2. How connected do I feel to the things that are important to me? Disconnection is a key marker of burnout. When we feel in tune with both our core values and the people that are important to us, it tends to allow the space for empathetic concern and more positive action. However, if you start noticing a sense of disconnection or like you’re shutting down, then your ability to respond to the concerns of others is compromised.
3. Does my discomfort feel self-focused, or other-focused? By nature, empathetic concern is focused on our response to the needs of others, while distress is focused on our own responses. If you observe that your empathy has moved away from the well-being of someone else and is instead turned inward, what you’re feeling is empathetic distress.
4. Am I feeling the need to avoid parts of my life? Empathetic concern can often be recharging and activating for helping professionals. It can move us toward using our skills to offer support to a person in need, even outside of sessions. Empathetic distress has the opposite effect, and can result in us wanting to avoid the negative feelings that have shown up for us. This can present as taking extra sick days, cancelling appointments without cause, or increased isolation in your personal life.

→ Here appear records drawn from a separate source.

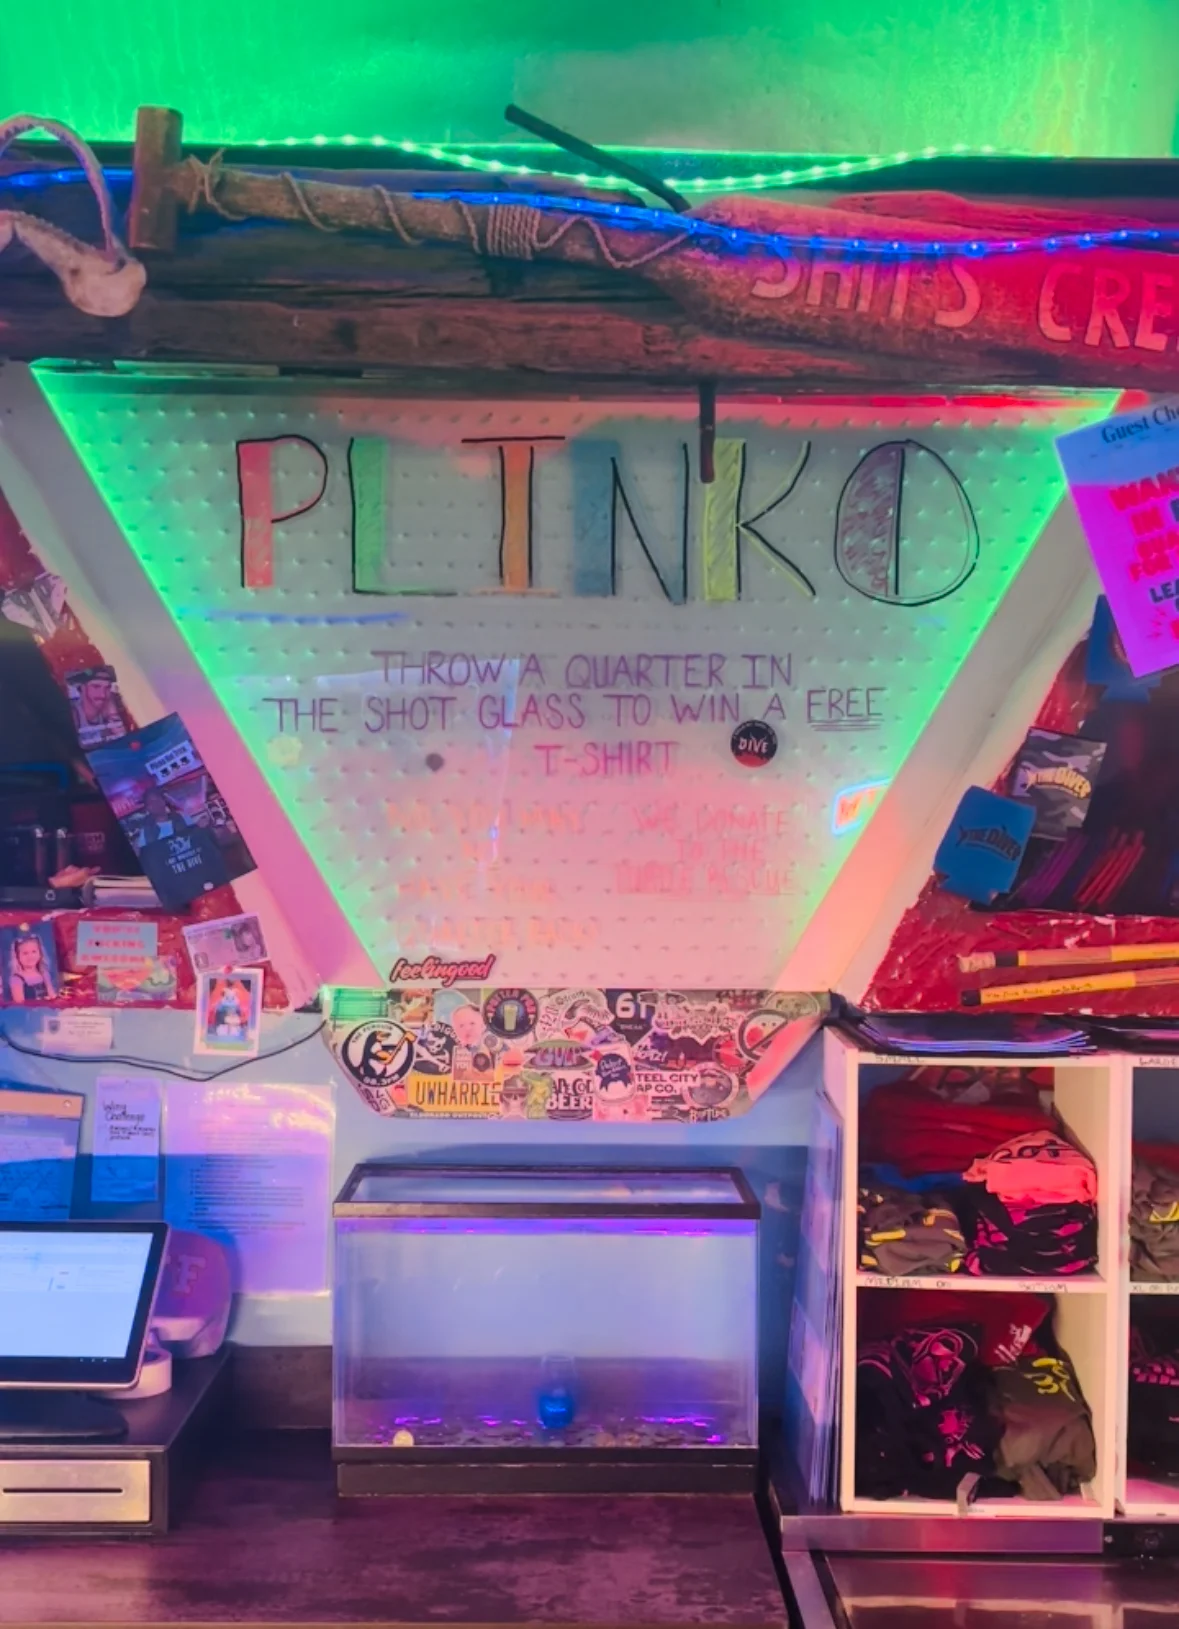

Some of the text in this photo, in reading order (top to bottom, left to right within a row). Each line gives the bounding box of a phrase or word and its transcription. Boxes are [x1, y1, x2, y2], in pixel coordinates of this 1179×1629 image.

[1101, 416, 1150, 445] Guest
[236, 434, 981, 607] PLINKO
[371, 650, 794, 690] THROW A QUARTER IN
[262, 687, 887, 733] THE SHOT GLASS TO WIN A FREE
[534, 740, 680, 778] T-SHIRT
[738, 732, 769, 754] DIVE
[636, 1073, 699, 1083] TEEL CITY

How to Combat Empathetic Distress
Once you recognize what you’re feeling as empathetic distress, there are many ways you can address it and move forward. I have four ways here that can act as a starting point for coping with empathetic distress. If you incorporate these strategies into your daily routine and mindset, they can also serve as a proactive way to ward off empathic distress before it happens.
1. Shift to compassion. This probably isn’t a tough sell to helping professionals. At the same time though, it’s an active choice we have to make. If you’ve noticed another person’s situation has left you feeling self-focused and drained, can you use your natural and developed skills of compassion to shift the attention back to their needs? If you can do so, you’ll start to move back towards concern and the positive actions you can take there.

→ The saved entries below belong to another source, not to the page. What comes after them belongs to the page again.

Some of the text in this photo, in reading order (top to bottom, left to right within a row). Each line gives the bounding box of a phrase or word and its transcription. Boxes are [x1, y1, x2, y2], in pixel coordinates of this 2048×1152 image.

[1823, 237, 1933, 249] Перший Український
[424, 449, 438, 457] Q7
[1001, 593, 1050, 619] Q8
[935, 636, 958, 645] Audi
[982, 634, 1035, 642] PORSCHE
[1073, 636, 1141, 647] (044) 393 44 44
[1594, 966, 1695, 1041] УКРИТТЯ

2. Focus on self-compassion. This might be harder for helping professionals to prioritize. I’ve noticed anecdotally that people who are the best at showing other people compassion have a harder time turning it inward for themselves. That means you have to make a conscious choice to speak to yourself the same way you would to a friend, or a client. If you’d like help showing yourself compassion, I recommend the work of Dr. Kirsten Neff.
3. Consider mindfulness practices. There’s a reason mindfulness is so highly recommended for so many concerns—it works! If you don’t feel like you’re in a space to take on a meditation practice, see how you can work mindfulness into other activities you’re already doing, like walking, eating, cleaning, or spending time with your loved ones. Bonus points if you’re able to turn off your phone and step away from the news during these activities.
4. Assess your own health and well-being. If you’ve been managing empathetic distress for a long time, chances are your health and well-being have paid the price. Get into a regular habit of assessing all aspects of your health—physical, mental, emotional, spiritual, and social. Then choose one area that you can make a change to improve how you care for yourself. Once that becomes a habit, add another one for another aspect of your health. Slowly, you’ll build a routine that allows you to care for all aspects of your well-being in a way that feels sustainable.
Our capacity for empathy is what drew many of us to the work we do. Don’t let it become the thing that pulls you away from that work. When you make it a priority to take care of yourself, you’ll be able to lead a more balanced life, and show up with your best self in everything you do.